Office: (718) 645-1665/ Cell: (917) 805-0783
Email: MitchellSFeldman@aol.com
0 votes Thank Flag Link Mon Feb 14, 2011
I would say take the chance and go for it. But on the other hand I may be bias due to the fact that I am in love with Bed-Stuy right now. I recently posted a blog on Bed-Stuy being an up and coming neighborhood. Here is a link to my blog; http://www.trulia.com/blog/mark_kerr/2010/11/bedford_stuyves… Good luck!
0 votes Thank Flag Link Mon Feb 14, 2011
Several factors come in to play here. Primarily, if your building is attached you potentially share their problems, pest, water, squatters, or structural issues. Second, fair market home value is an average of the sales prices for the most recent sales. If this house is sold at auction it will drive the price down around it. If this is an investment, you can find out if the bank/owner will sell it and you may be able to recoup some of your investment back on your intended purchase buy doing either a wholesale sale or a rehab/resell. If the house you are buyer is something you really love and must have, then you can probably work it out to your advanyage. Good Luck
0 votes Thank Flag Link Mon Feb 14, 2011
Hello Lynne,
I suggest a couple of things:
1. Did you actually see a copy of the potential buyers inspection report or are you going with what the listing agent says about the property? I would suggest conducting your own inspection as there may be other issues with the home which you are not aware of.

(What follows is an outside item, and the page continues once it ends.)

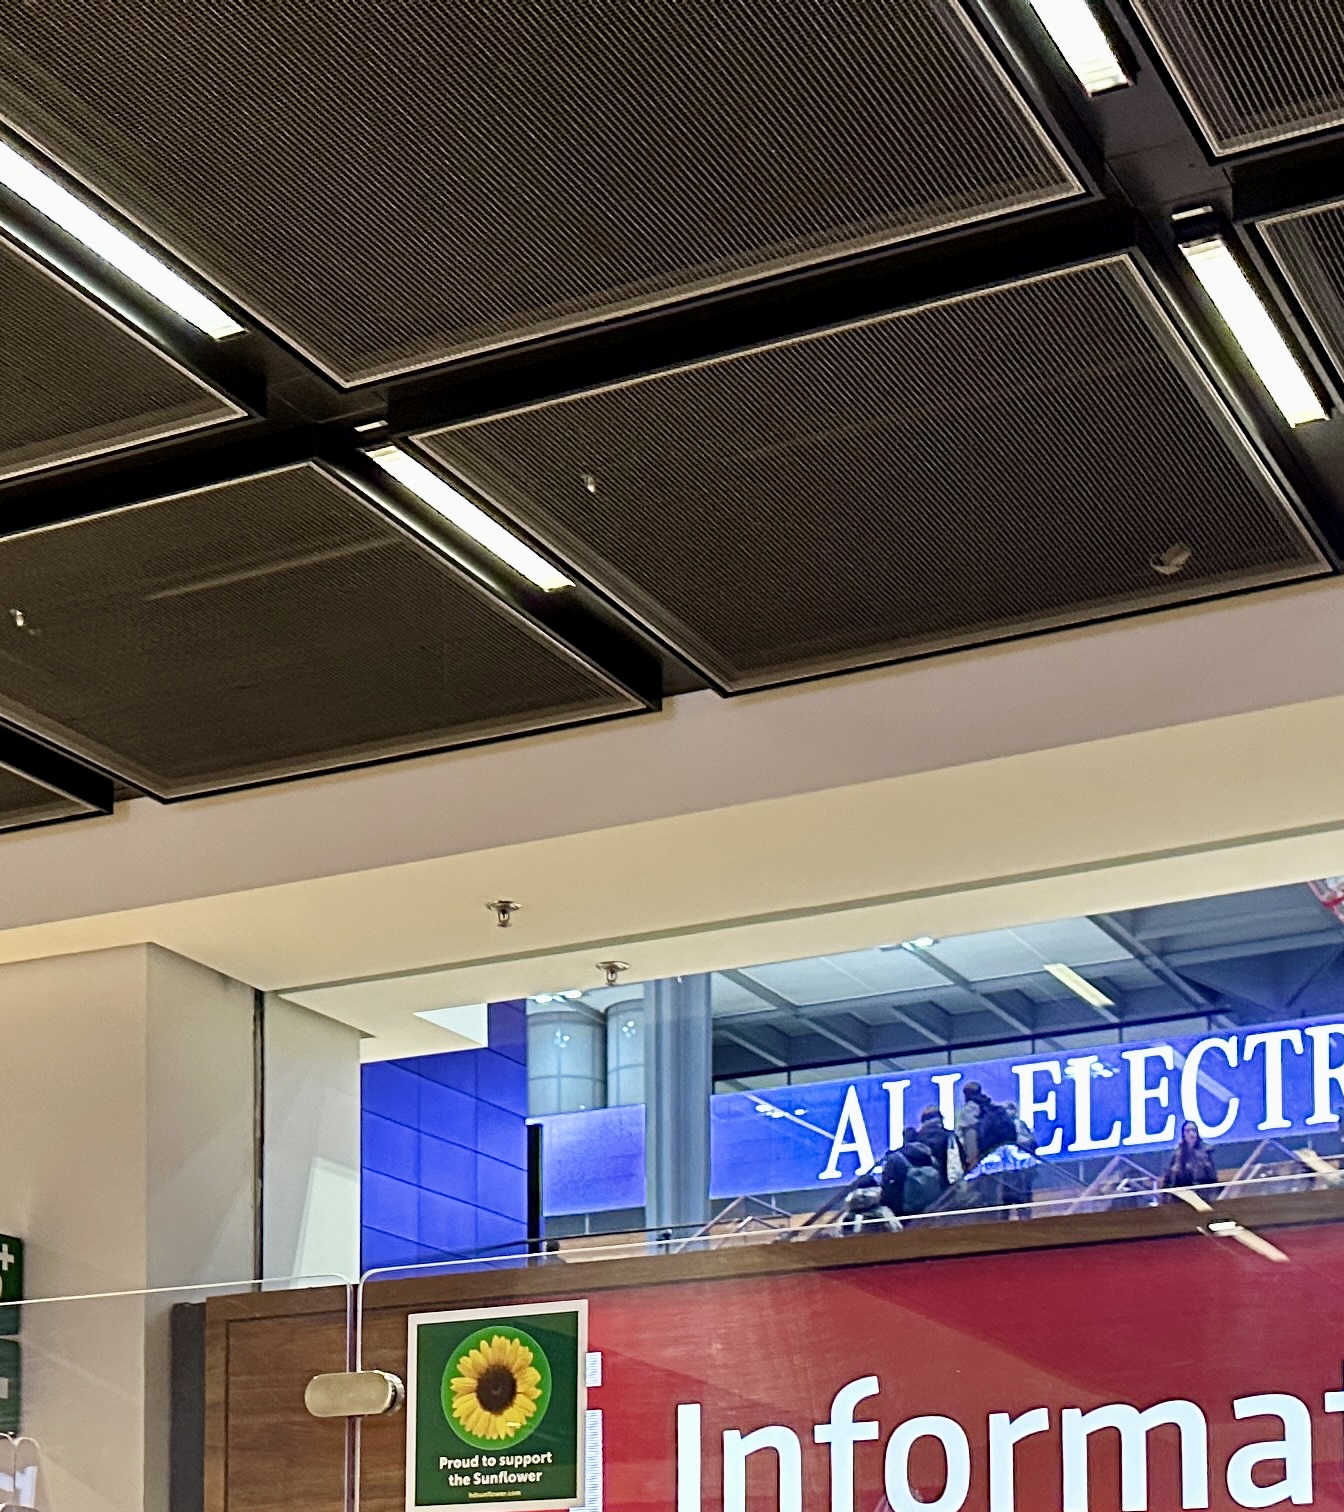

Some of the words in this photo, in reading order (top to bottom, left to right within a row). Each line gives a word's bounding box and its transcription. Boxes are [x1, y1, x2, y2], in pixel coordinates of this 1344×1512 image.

2. If this property has been neglected for a number of years, it probably will not be recitified anytime soon. Think of your quality of life there; would you be willing to put up with neighbors who appear not to care about their property? Who lives there currently? Maybe you might wish to walk around the street and if there are any neighbors outside, inquire with them about the neglected property to obtain more information and learn what the neighbors think.
Hope this helps.
Good luck!

Laura Feghali
Prudential Connecticut Realty
0 votes Thank Flag Link Mon Feb 14, 2011
Consider that the property next door will not change while you own the house. If you can live with it, there's your decision. It's never a good idea to go into a deal with an unresolved "white elephant" issue with the belief you or someone else will remedy. Too often, the issue is persistent.

Good luck!
0 votes Thank Flag Link Mon Feb 14, 2011
the other house is certainly a detriment to the value of the neighboring homes, including the one you are purchasing. is it by any chance on the market? If so, the new owner would likely fix it up. Are there people living there? do they care about the house and just can't fix it themselves? Would they accept help? If this would work for you, might be a great win-win situation. You get the house you love, help a neighbor and build a friendship. Plus the whole neighborhood will be affected in a positive way.